Ahead of this year’s Vogue Codes Summit, Vogue Australia hosted a Visionary Women’s Lunch where its director of audience, Nikki Chowdhury, spoke with three panellists about what is needed to help build success for women at work rather than simply ask more of them.
The panel comprised High Heel Jungle founder Kathryn Eisman, Tap the Gap founder and chief executive Lucy Kough, and environmentalist and author Natalie Kyriacou. Chowdhury asked each to consider what an optimised world looks like within their own field, and what tends to get lost in the process.
Kough’s answer was the clear. Tap the Gap, her platform addressing the gender superannuation gap, isn’t pitched as a tool to make women more financially disciplined. It was built on the premise that the superannuation system was designed decades ago around continuous full-time employment and wasn’t built with interrupted careers, lower average pay or unpaid caregiving in mind.
Rather than adding financial literacy as another item on an already long list, the platform connects to everyday banking and routes spare change into super automatically. Kough pointed to women driving the majority of household purchasing decisions as the reason the product meets people in behaviour they already have, not behaviour they’re expected to adopt.
“Women make 80 per cent purchase decisions in a household, so let’s bring this conversation about wealth creation into a space where they’re already engaged.”
Eisman made a parallel argument from a completely different category. She built High Heel Jungle in hosiery and accessories because she saw it as a part of the market the wider industry had left “sleepy, boring, and generic,” not through any inherent limitation of the category, but because nobody had bothered to ask whether the existing options reflected what women actually wanted to wear.
She argued that algorithm-driven exposure has manufactured the appearance of personal taste, with constant exposure to the same trends standing in for genuine preference.
“We become more and more homogenised in our tastes, in our aesthetic preferences. What we think of as free will has actually been dictated to us.”
Kyriacou’s section of the panel pushed the same idea into a different register: sustaining attention.
She spoke to the challenge of keeping people engaged with environmental issues once the initial urgency of a headline wears off. She argued that the usual approach, more facts and doom, isn’t an optimisation problem but more of a trust and engagement one.
Her preferred fix pointed to examples including a 12-year-old forest defender and Australia’s largely unpaid, majority-female wildlife rescue workforce.
Asked what they each refuse to optimise, the panel cited curiosity, downtime, and the slower groundwork that ideas often need before they take shape.
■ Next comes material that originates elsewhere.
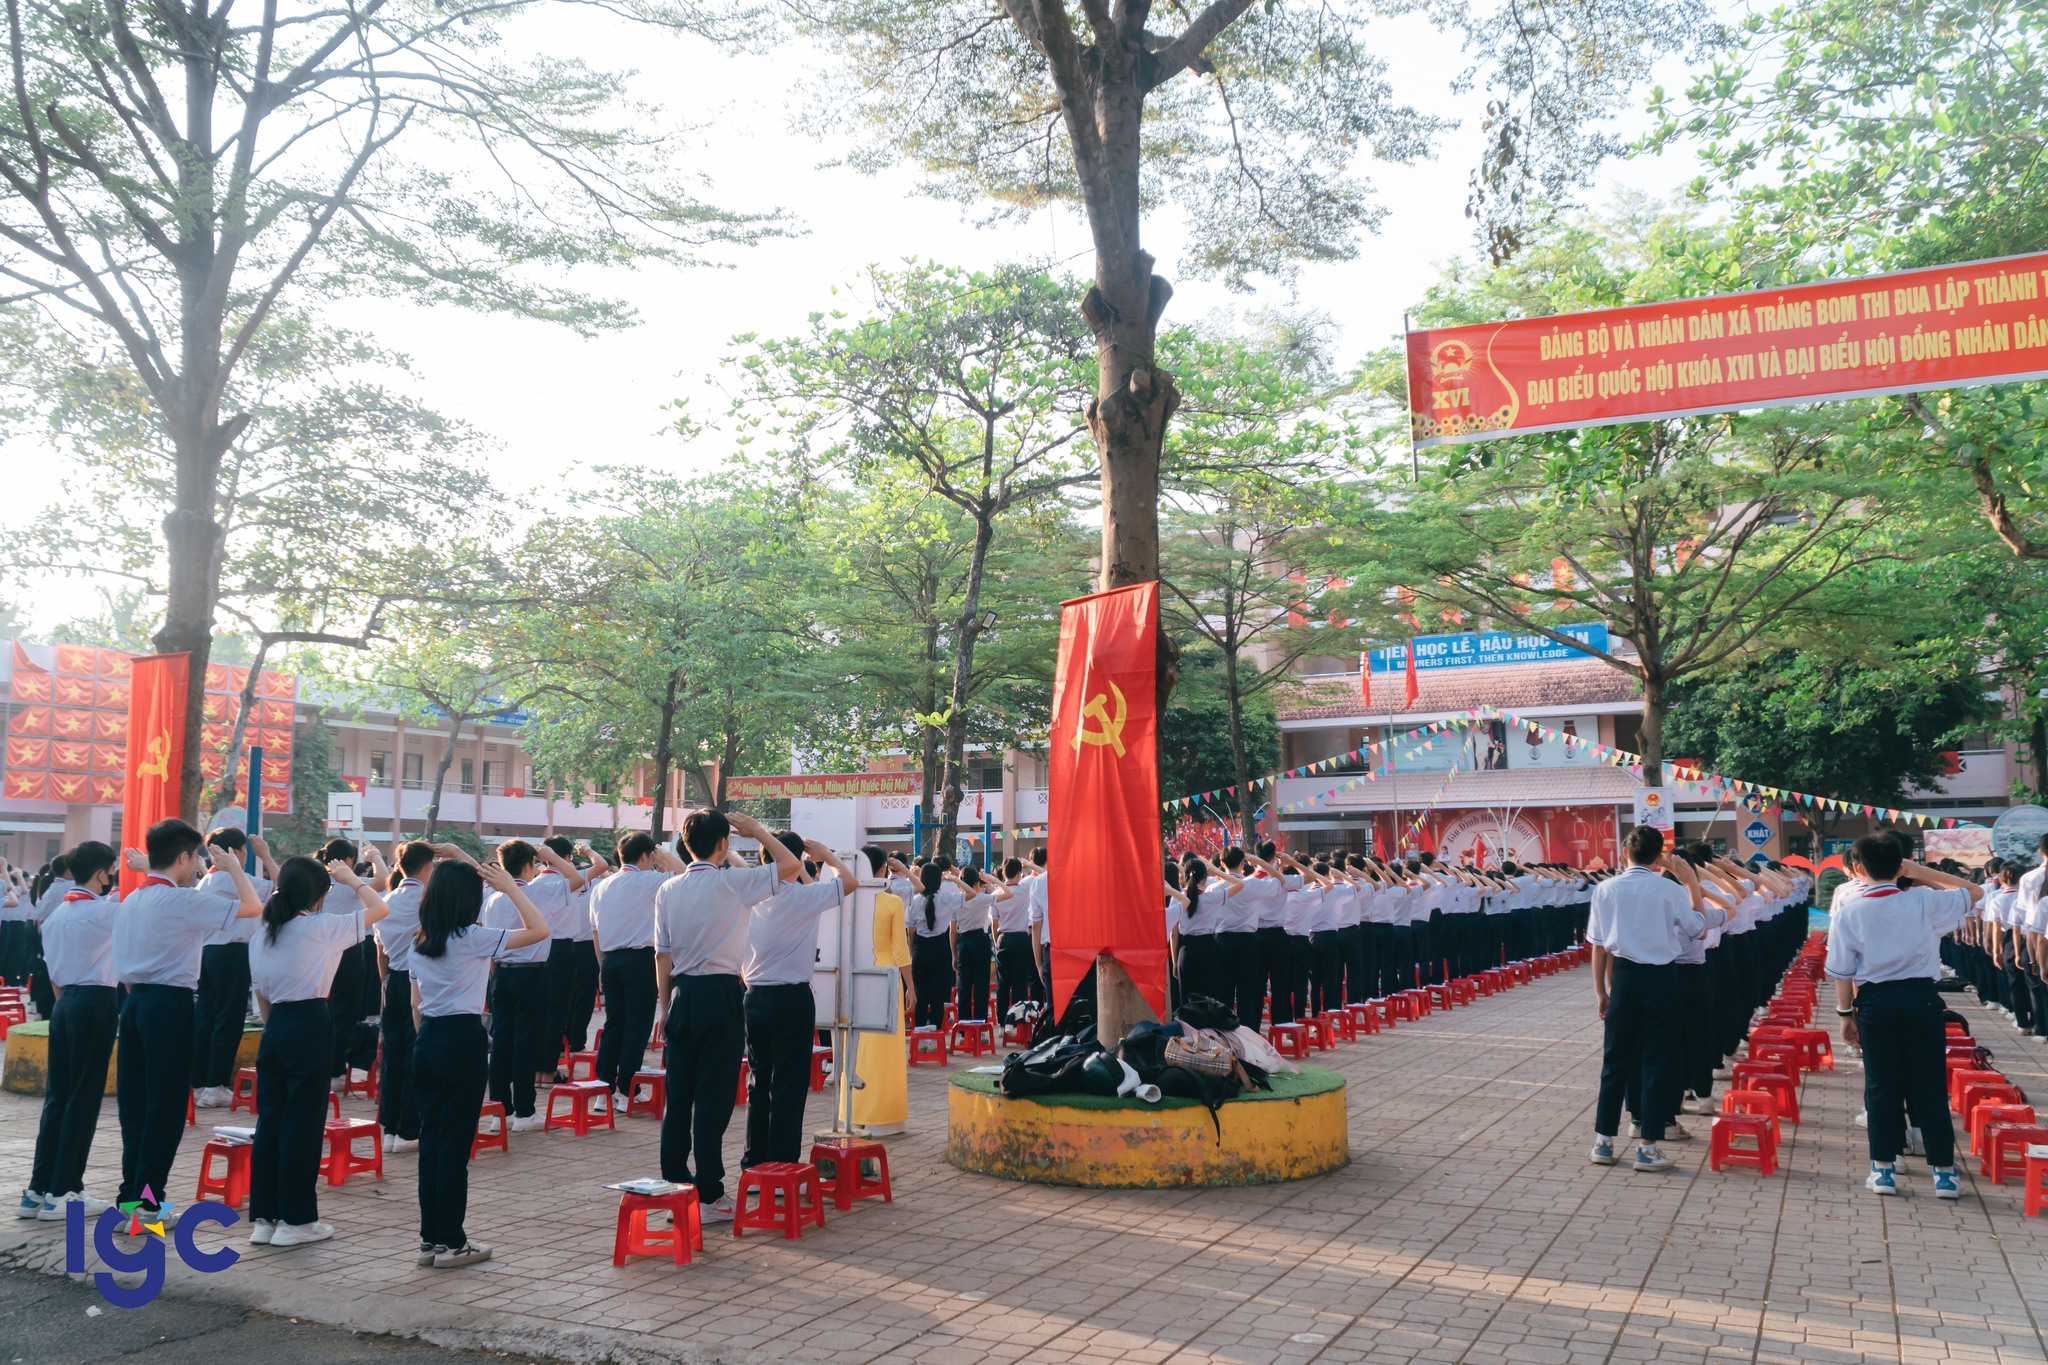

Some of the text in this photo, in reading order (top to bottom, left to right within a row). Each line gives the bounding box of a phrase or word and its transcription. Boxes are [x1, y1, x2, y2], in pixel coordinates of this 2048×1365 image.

It was a fitting end to a conversation that spent most of its time arguing against efficiency as the only measure of progress.
Vogue Codes returned for its eleventh year last Saturday, with the theme “Optimism in motion: Acting now to shape the future”. The event spotlighted the women changing the world for the better through conversations at the intersection of innovation, empowerment and the next generation of people and tech.
What tied the lunch’s three panellists together isn’t industry, it’s the pattern underneath their work: each identified a system, superannuation, fashion retail, environmental communication, that had been quietly built around assumptions that didn’t include women, and then built something new rather than asking women to adapt to the existing structure.
It’s a useful frame for thinking about visibility in media and marketing, an industry where women make up a large share of the workforce but remain underrepresented.